After that you can analyze the output any way you'd like, we will use Python in this Tutorial.
Application on a Synthetic Mining Dataset
The synthetic blasthole dataset we are using is modeled after a real Cu mine. The blasthole data is scattered ~7×7 m in 2D with easting and north measured in meters and each point has a measured copper grade associated with it measured in weight percent (wt%). All the code and data used in this tutorial is available on github. A map showing the copper grades and how they're scattered in space can be seen below.

The following GSLib Variogram search parameters below are adequate for ~7×7 m spatial data and we'll use them to generate our variograms. Here is a great source for determining adequate search parameters depending on the spatial data.
- Lag separation distance: 7 m, this is roughly the data spacing
- Lag tolerance: 3.5 m, rule of thumb is to make the lag tolerance half the spacing
- Number of lags: 30, Most the area is covered in 30*7m (210 m)

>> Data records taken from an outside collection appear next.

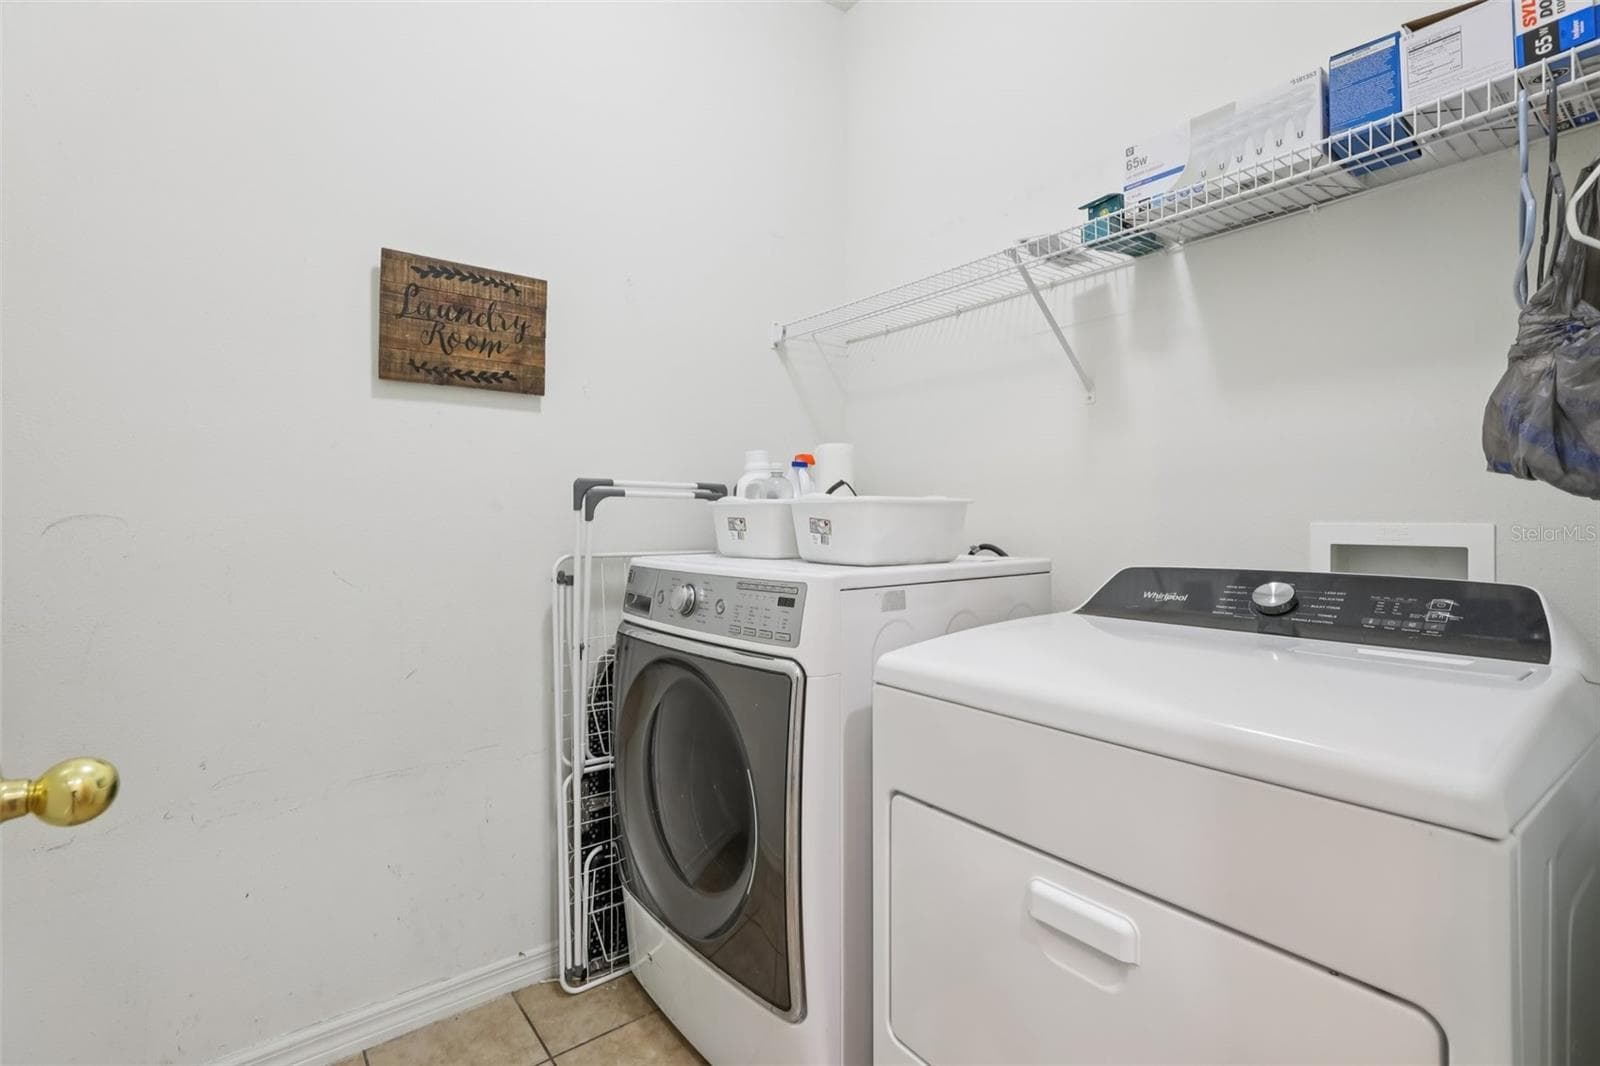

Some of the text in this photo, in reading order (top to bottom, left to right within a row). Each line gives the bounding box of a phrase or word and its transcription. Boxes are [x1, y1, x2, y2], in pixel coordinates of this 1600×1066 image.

[1521, 0, 1537, 28] SYL
[1556, 0, 1566, 14] FLO
[395, 282, 531, 344] Laundry
[420, 321, 509, 358] Room
[1143, 591, 1188, 602] Whirlpool

- Azimuth tolerance: 22.5 degrees, could be slightly smaller say 15 degrees butwe want to make sure we can get a good number of pairs
- Bandwidth: 10 m, could be slightly smaller say 7.5 m but we want to make sure we can get a good number of pairs
- Variogram type: Semivariogram
Identifying the Principal Directions of Minimum and Maximum Discontinuity
Since we are working in 2D, we'll need to identify the two orthogonal directions of high and low continuity often referred to as the major and minor axis respectively. There are various ways to determine the principal directions, the most basic way presented here is to generate multiple variogram pairs at equal intervals and find the two which encompass the highest and lowest spatial continuity. Other useful methods include generating variogram maps which visualize the spatial continuity, GSLib offers packages for variogram maps and there is a guide to use them here.

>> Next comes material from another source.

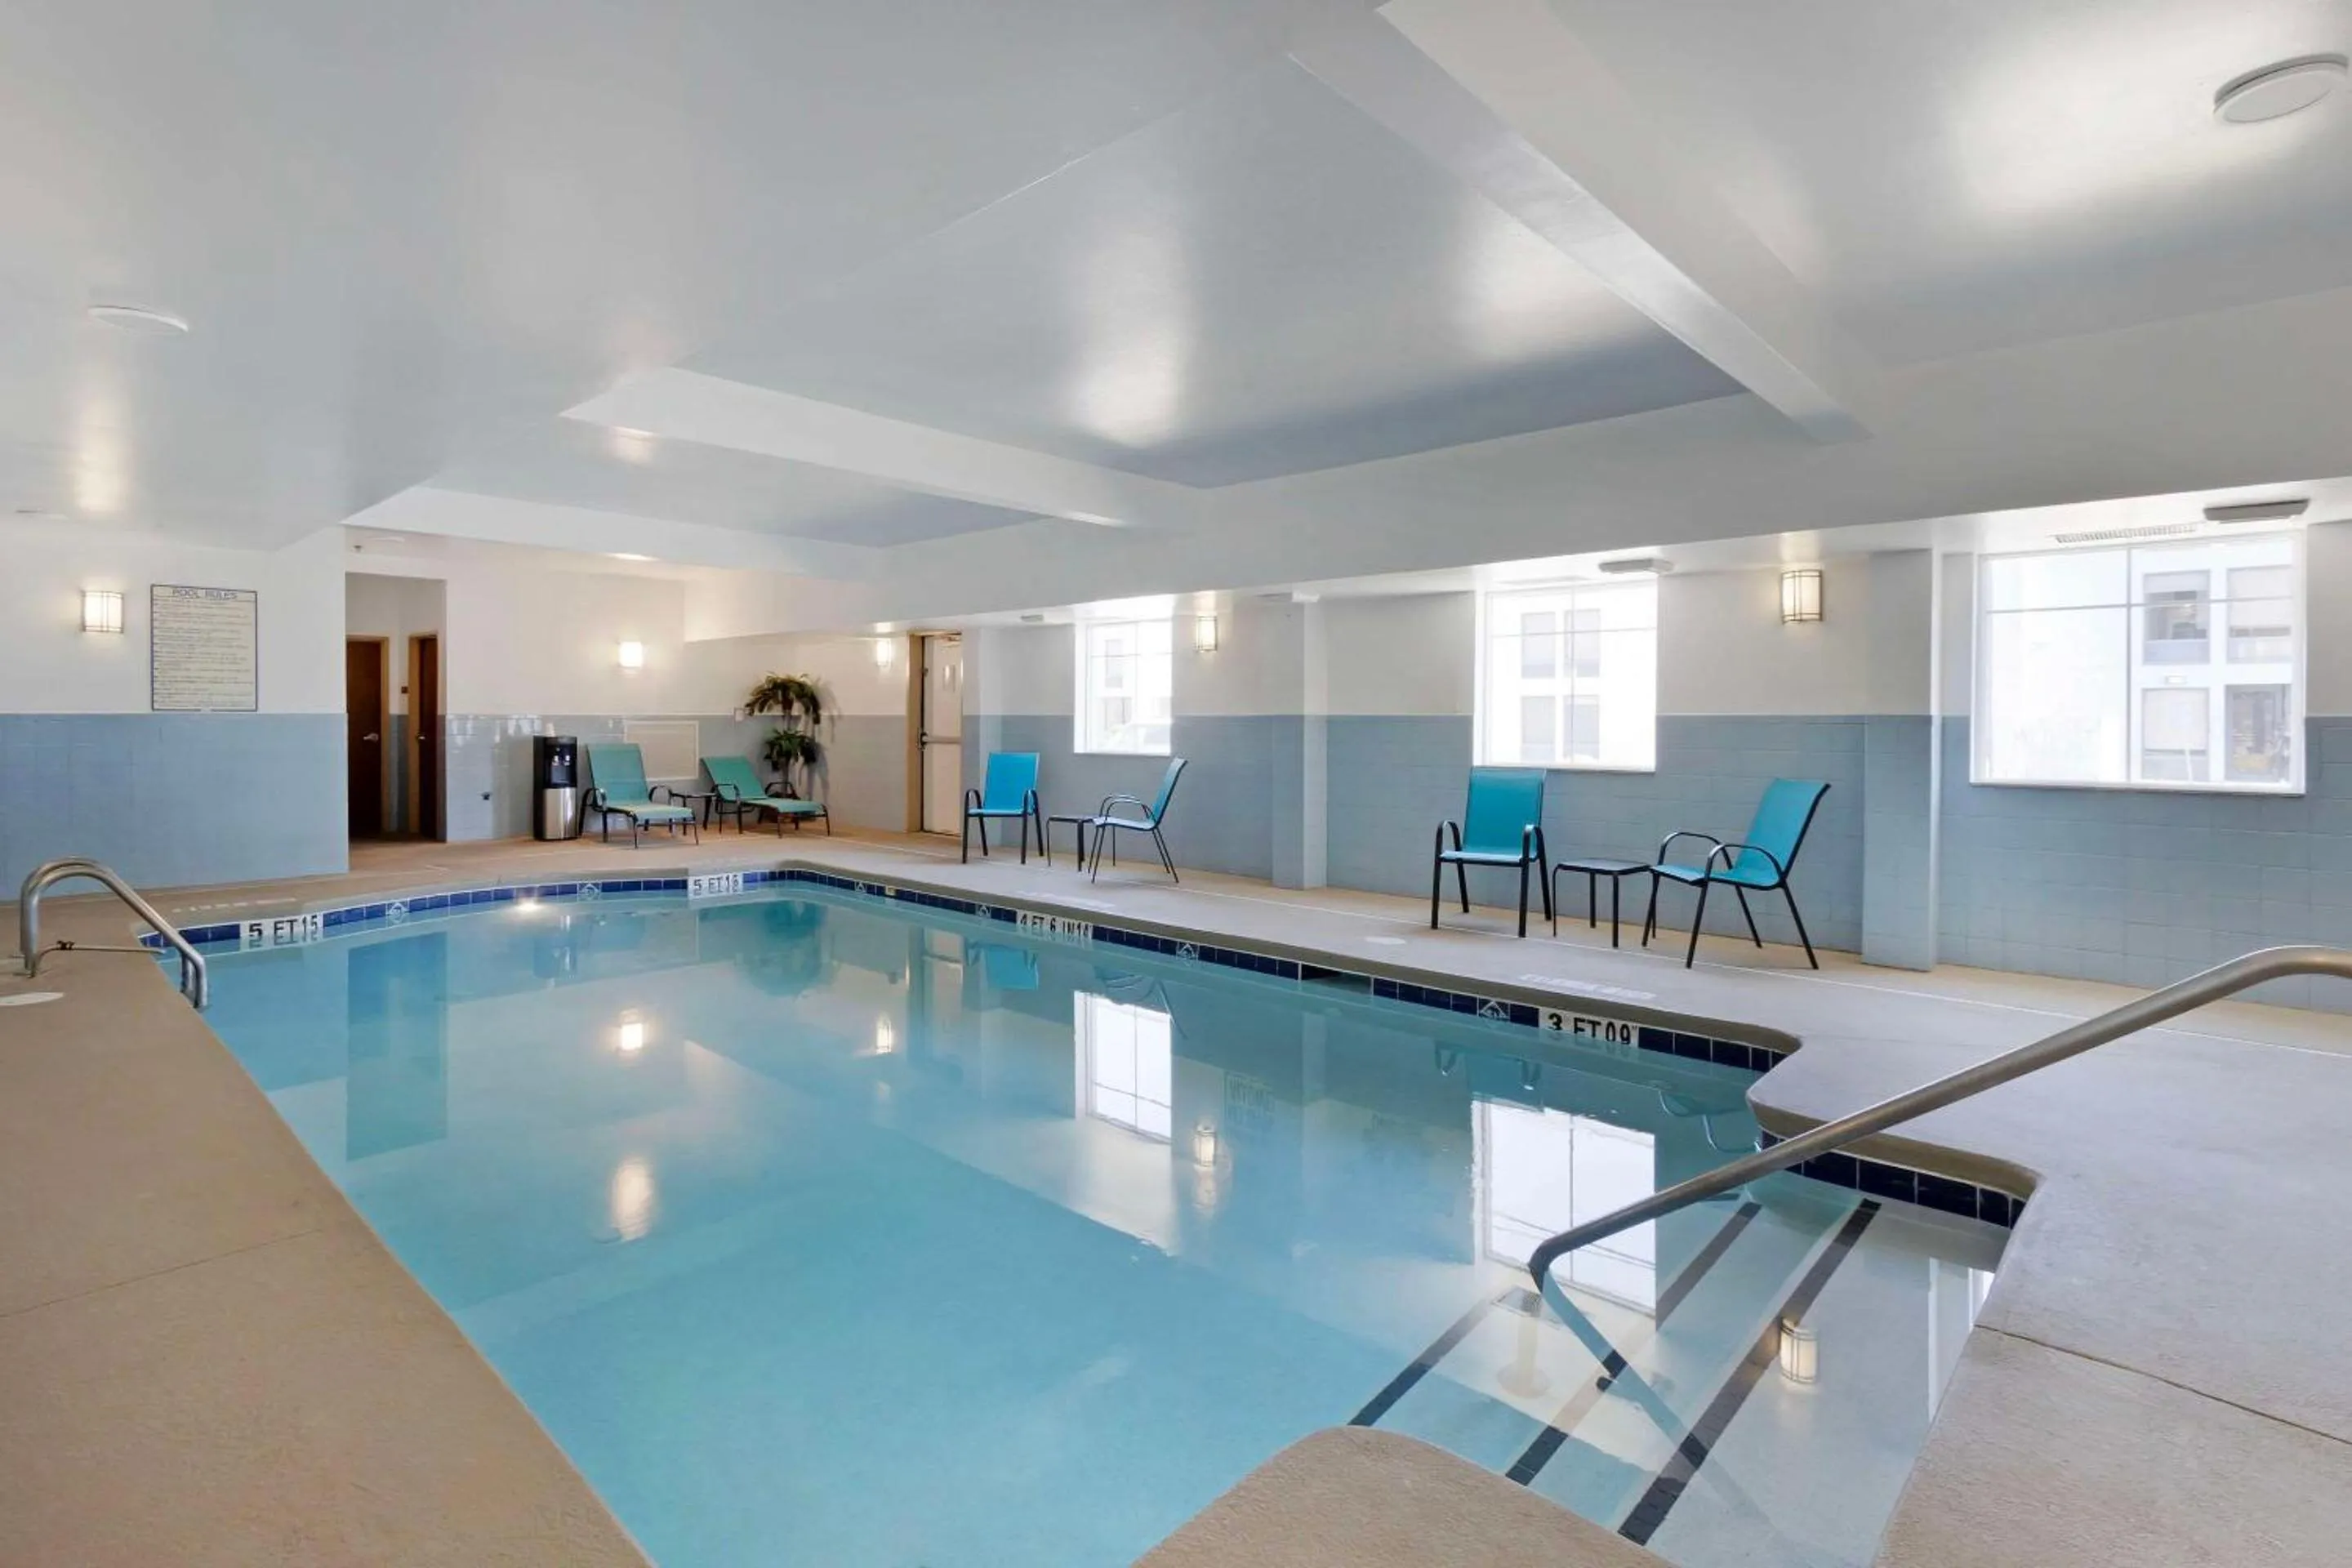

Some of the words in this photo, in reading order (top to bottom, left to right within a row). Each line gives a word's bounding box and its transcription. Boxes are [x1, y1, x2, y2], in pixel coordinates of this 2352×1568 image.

Below we see variogram pairs developed at 15 degree intervals, it is clear to see that the variograms with azimuth of 000° and 090° have the highest and lowest continuity respectively.

We can quickly check with the grade map of the 000° and 090° azimuth directions make reasonable sense for the and least continuous directions respectively. As we can see with the map reproduced below it makes sense that the lowest continuity is west-east as we have the highest grades transitioning to the lowest in that direction while the grades don't vary as much north-south.

Variogram Modeling
The experimental variogram data for the 000° and 090° azimuth was modeled using an exponential model. Different nuggets, ranges, and partial sills were tested until a qualitatively good fit was achieved. Better fits to the experimental data might have been achieved using nested structures with multiple models or exploring different models like the most common spherical model using in mining.

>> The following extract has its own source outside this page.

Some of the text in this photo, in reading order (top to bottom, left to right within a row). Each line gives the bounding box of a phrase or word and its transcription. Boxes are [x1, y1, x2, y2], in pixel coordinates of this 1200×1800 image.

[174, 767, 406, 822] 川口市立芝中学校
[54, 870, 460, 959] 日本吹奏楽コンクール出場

Now the variogram model can be used for any kind of estimation or simulation of the point data into blocks. GSLib also offers the packages required to run commonly used ordinary krigging estimations or sequential gaussian simulations.
Conclusions
Understanding and modeling spatial continuity is challenging, especially for those without a geostatistics background. Here we covered a brief introduction and quick tutorial on variograms and generating variogram models with open-source software. Many users currently use expensive software as there is an overall lack in coding experience for spatial continuity analysis and open-source software such as GSLib are not widely known.
Also, many of the commercial software abstract important details of the variogram which could impact the developed models. Various geostatistical texts emphasize the importance of not treating variogram modeling as a black box and the effort spent trying to understand what is going on in the data can be very useful to generate robust variogram models.